WARNING: Some may find the images below disturbing
(CNN) – “These types of patients have such disfigurement beforehand they can’t eat, they can’t breathe properly. It’s about functionality,” says Dr. Richard Luskin, CEO of the New England Organ Bank.
Luskin is referring to the small group of people worldwide who are on waiting lists in hope of a new face, and in the United States at least, they may now have one donated to them more readily.
Last month the United Network of Organ Sharing (UNOS), a non-profit organization managing the U.S. organ transplant system, approved the first national policies for the transplantation of limbs, faces and other structures collectively known as “vascularized composite allografts” (VCAs) — which should make it easier to find donors.
As of April 2014, there had been 28 face transplants across the world. Animal attacks, severe burns and gunshot wounds had left these recipients scarred for life, literally, in the one place their scars cannot be hidden — their face.
“Anyone with this disfigurement would argue they’re not living, they’re surviving,” says Luskin.
A growing field
The first face transplant was performed in France in 2005 on Isabelle Dinoire, whose mouth, nose and chin had been chewed away by her dog. Since then the field has grown and transplants involving varying combinations of facial parts have been performed in six other countries, including the United States.

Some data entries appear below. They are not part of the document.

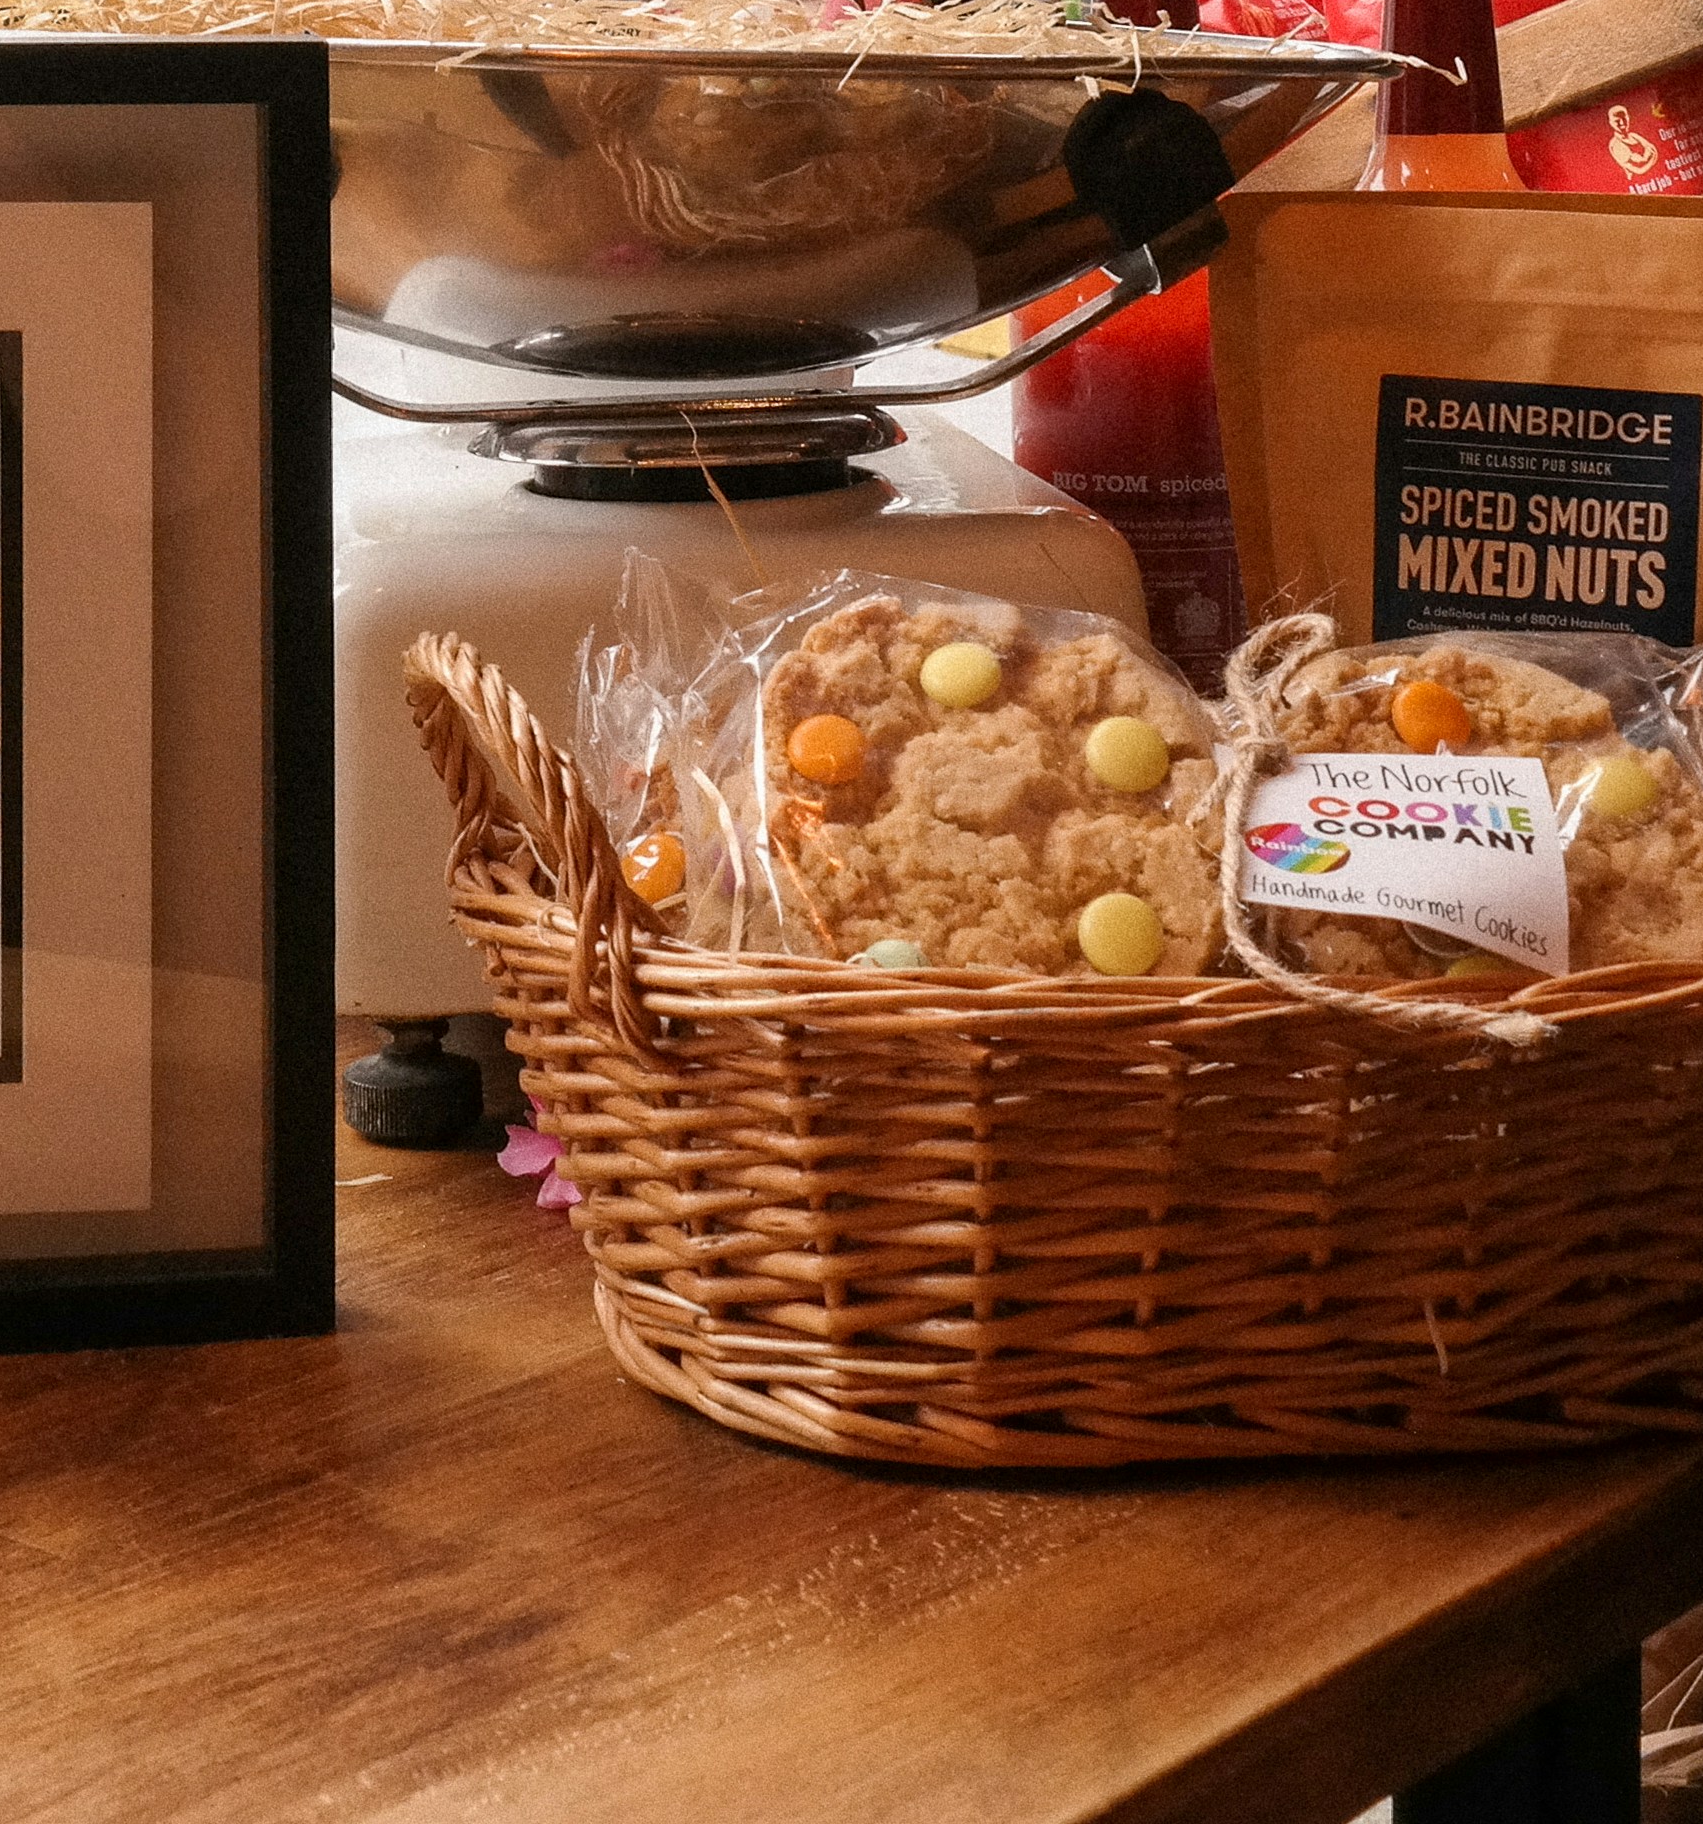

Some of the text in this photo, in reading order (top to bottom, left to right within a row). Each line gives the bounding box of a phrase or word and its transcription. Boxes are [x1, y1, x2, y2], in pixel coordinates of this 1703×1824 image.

[1659, 128, 1676, 142] Our
[1636, 178, 1656, 195] hard
[1655, 174, 1673, 192] job
[1678, 166, 1697, 182] but
[1459, 451, 1612, 476] THE CLASSIC PUB SNACK
[1053, 471, 1228, 497] BIG TOM spiced
[1400, 484, 1669, 543] SPICED SMOKED
[1397, 533, 1667, 610] MIXED NUTS
[1423, 606, 1431, 616] A
[1434, 606, 1486, 621] delicious
[1490, 611, 1510, 623] mix
[1515, 613, 1528, 624] of
[1300, 763, 1528, 798] The Norfolk
[1250, 836, 1345, 858] Rainbow
[1312, 818, 1536, 855] COMPANY
[1251, 873, 1550, 957] Handmade Gourmet Cookies

As the procedures improve and their safety grows, donor registries and collaborating hospitals will increasingly be asking the question: Would you like to donate your face? Or in the case of the UNOS approval, asking family members of potential donors the sensitive question of whether they will donate the face of their loved one.
The UNOS approval will initially be in place temporarily for 15 months to enable public comment, but families of donors will receive extra guidance when it comes to making the decision. “Face transplants remain unique and require very specific criteria such as hairlines and ethnic components,” explains a UNOS spokesperson. “Therefore consent should be distinct and individual.”

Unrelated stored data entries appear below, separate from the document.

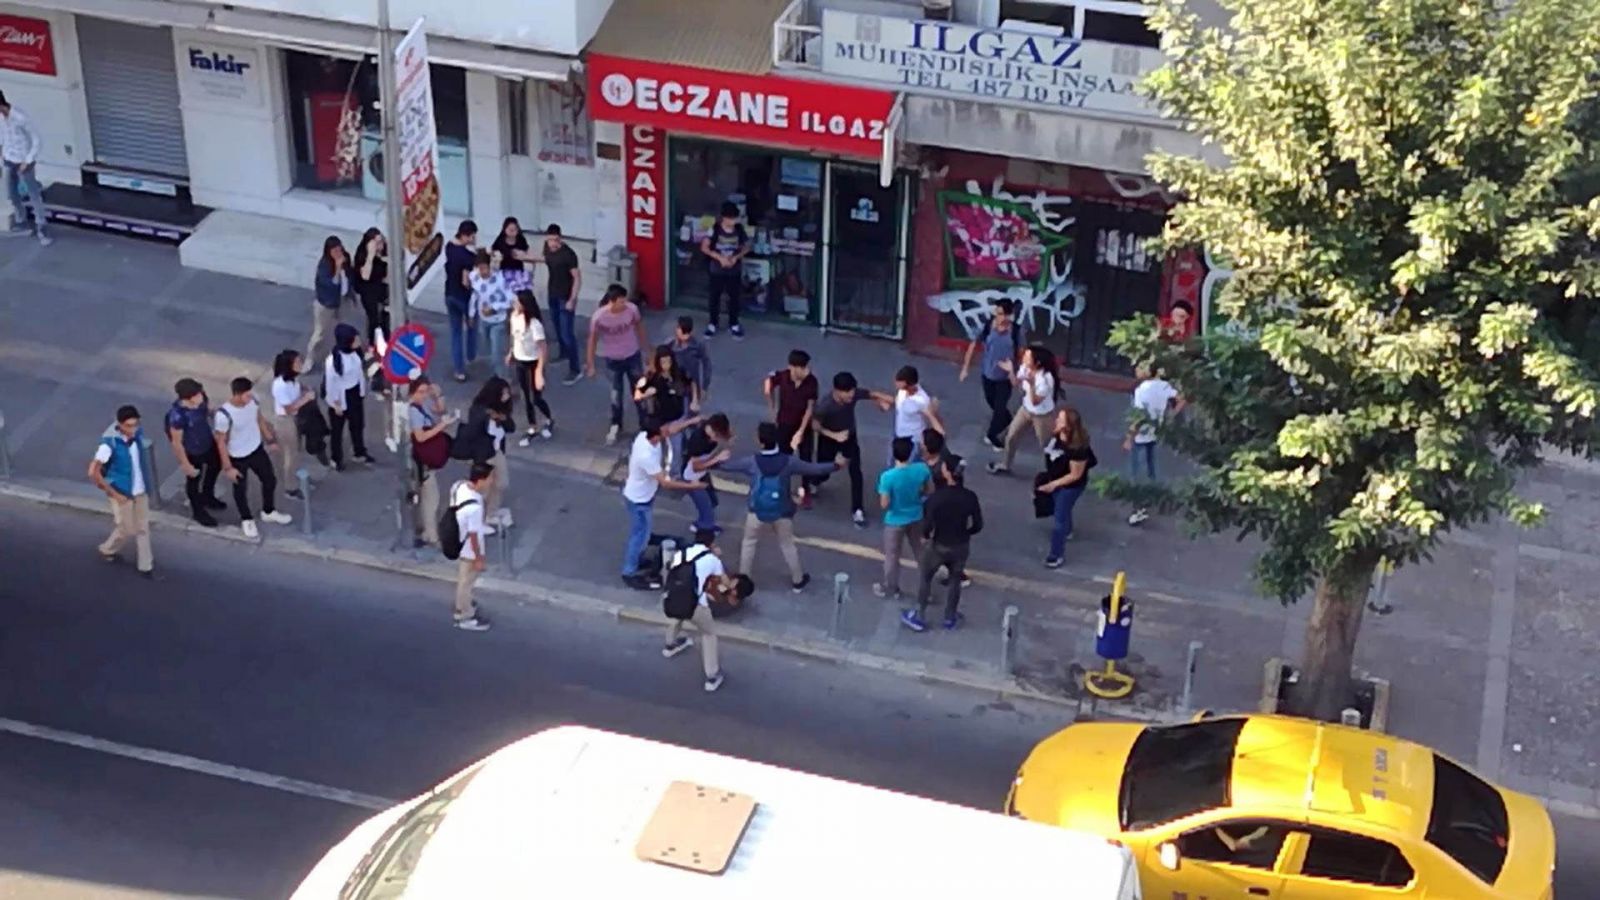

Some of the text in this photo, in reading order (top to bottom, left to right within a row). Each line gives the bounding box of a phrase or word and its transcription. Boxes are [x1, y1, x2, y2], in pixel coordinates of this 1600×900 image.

[188, 46, 250, 76] Fakir
[909, 20, 1083, 70] ILGAZ
[635, 77, 884, 140] ECZANE ILGAZ
[897, 68, 1088, 108] TEL 487 19 97
[632, 124, 656, 239] CZANE
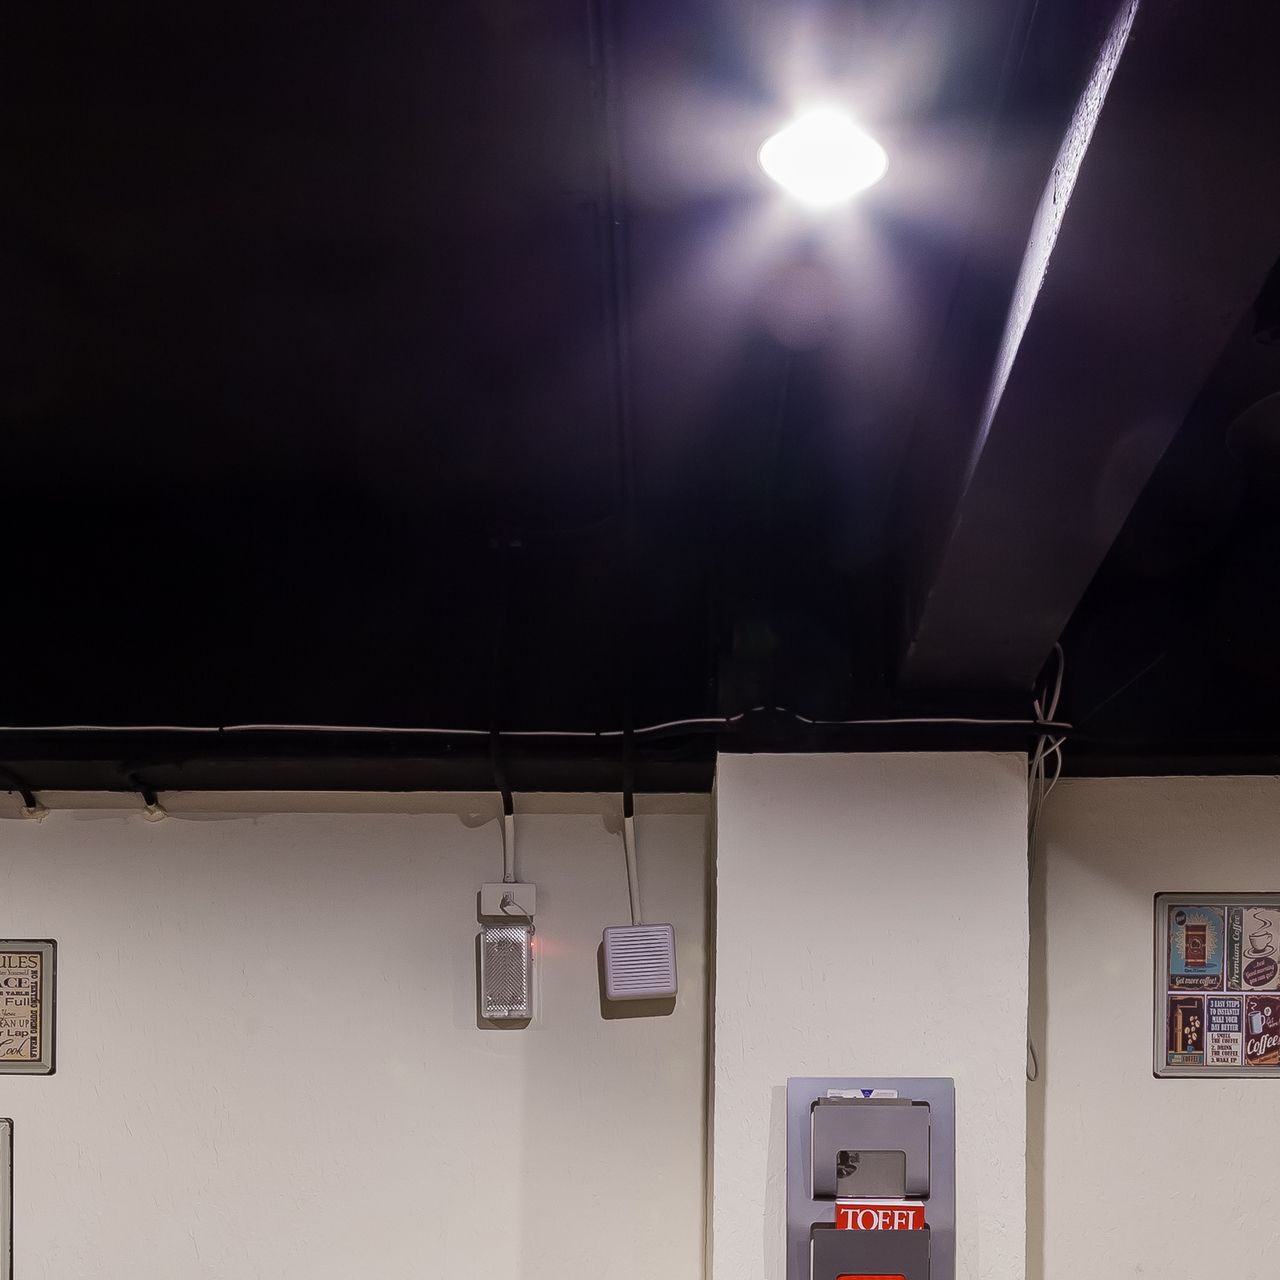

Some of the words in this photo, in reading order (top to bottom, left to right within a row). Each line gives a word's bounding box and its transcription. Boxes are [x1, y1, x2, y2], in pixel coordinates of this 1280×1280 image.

[1232, 943, 1241, 983] Premium
[31, 970, 38, 980] NO
[1199, 976, 1218, 987] coffee!
[5, 997, 30, 1006] Full
[19, 1018, 30, 1028] UP
[7, 1029, 30, 1037] Lap
[30, 1036, 39, 1058] MEALS

“(This) will broaden the donor pool for wait-listed patients across a number of regional and national organ procurement organizations,” explains Dr. Eduardo Rodriguez, professor of reconstructive plastic surgery at NYU Langone Medical Center. “A major component for a successful procedure is patient selection on both the recipient and donor,” he adds. “The likeliness of a perfect match can be very challenging.”
But this once-experimental procedure is becoming more widespread and accepted. Richard Norris, from Virginia, received a new face in March 2012 and last month his face was featured on the cover of the U.S. edition of men’s magazine GQ. Norris lost most of his facial features after a gun blast, and lost abilities such as his sense of smell. But after surgery at the hands of Rodriguez and his team he can live his life once again.
Risk of rejection
However, as this mode of surgery becomes a norm, the side effects and risks that come with the life-changing operation are still a concern and a question of ethics.

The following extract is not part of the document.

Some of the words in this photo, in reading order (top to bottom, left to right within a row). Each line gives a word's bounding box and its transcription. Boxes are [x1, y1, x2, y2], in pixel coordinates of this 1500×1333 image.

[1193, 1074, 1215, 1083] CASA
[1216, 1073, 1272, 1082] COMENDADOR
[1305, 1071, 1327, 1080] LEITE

Like any other transplant, there is a risk of the new organ being rejected by the patient’s immune system and recipients have to take immunosuppressive drugs for the rest of their lives, putting them at risk of infections and cancer. But unlike many other transplants, replacing a face is not a matter of life and death. The surgery is classed by some as life-changing, not life-saving, which raises questions as to whether this risk is justified.
“For heart transplant patients they need a transplant or they will die. These (face transplant) patients are not in organ failure but are having to take anti-rejection medication and have lifelong repression,” explains Dr. Maria Siemionow, from the University of Illinois, who performed a near-total face transplant in 2008 on American Connie Culp, who was shot in the face by her husband.
But Siemionow is working to solve this problem. “We need new therapies which will be less harmful,” she says.
The Polish surgeon is developing chimeric cells, which bring together the cells from a donor and the recipient during transplantation. “We are fusing together cells from the bone marrow of donors and recipients so these cells will be recognized by the recipient’s immune systems as their own,” she explains. Not an easy task.
By combining the two cells and delivering them into patients receiving a transplant, their immune system will learn to recognize the donor’s cells, which are present throughout their new face, making their immune cells less likely to attack the face.
“If the (immune system) can recognize more cells as ‘self’ the patient will need less anti-rejection drugs,” says Siemionow, whose experimental therapy is hoped to enter clinical trials in a few years and when it does, may make face transplants more acceptable to critics.
“Immunosupression is the main ethical concern and new therapies are crucial for the future of this field,” she says.
Luskin feels the benefits of a new face counter ethical doubts. “There is no ethical issue,” he concludes. “I saw a patient walking down a crowded hospital hall a few years after surgery and no-one noticed them. He looked like a normal guy. To me, that’s the point of these surgeries.”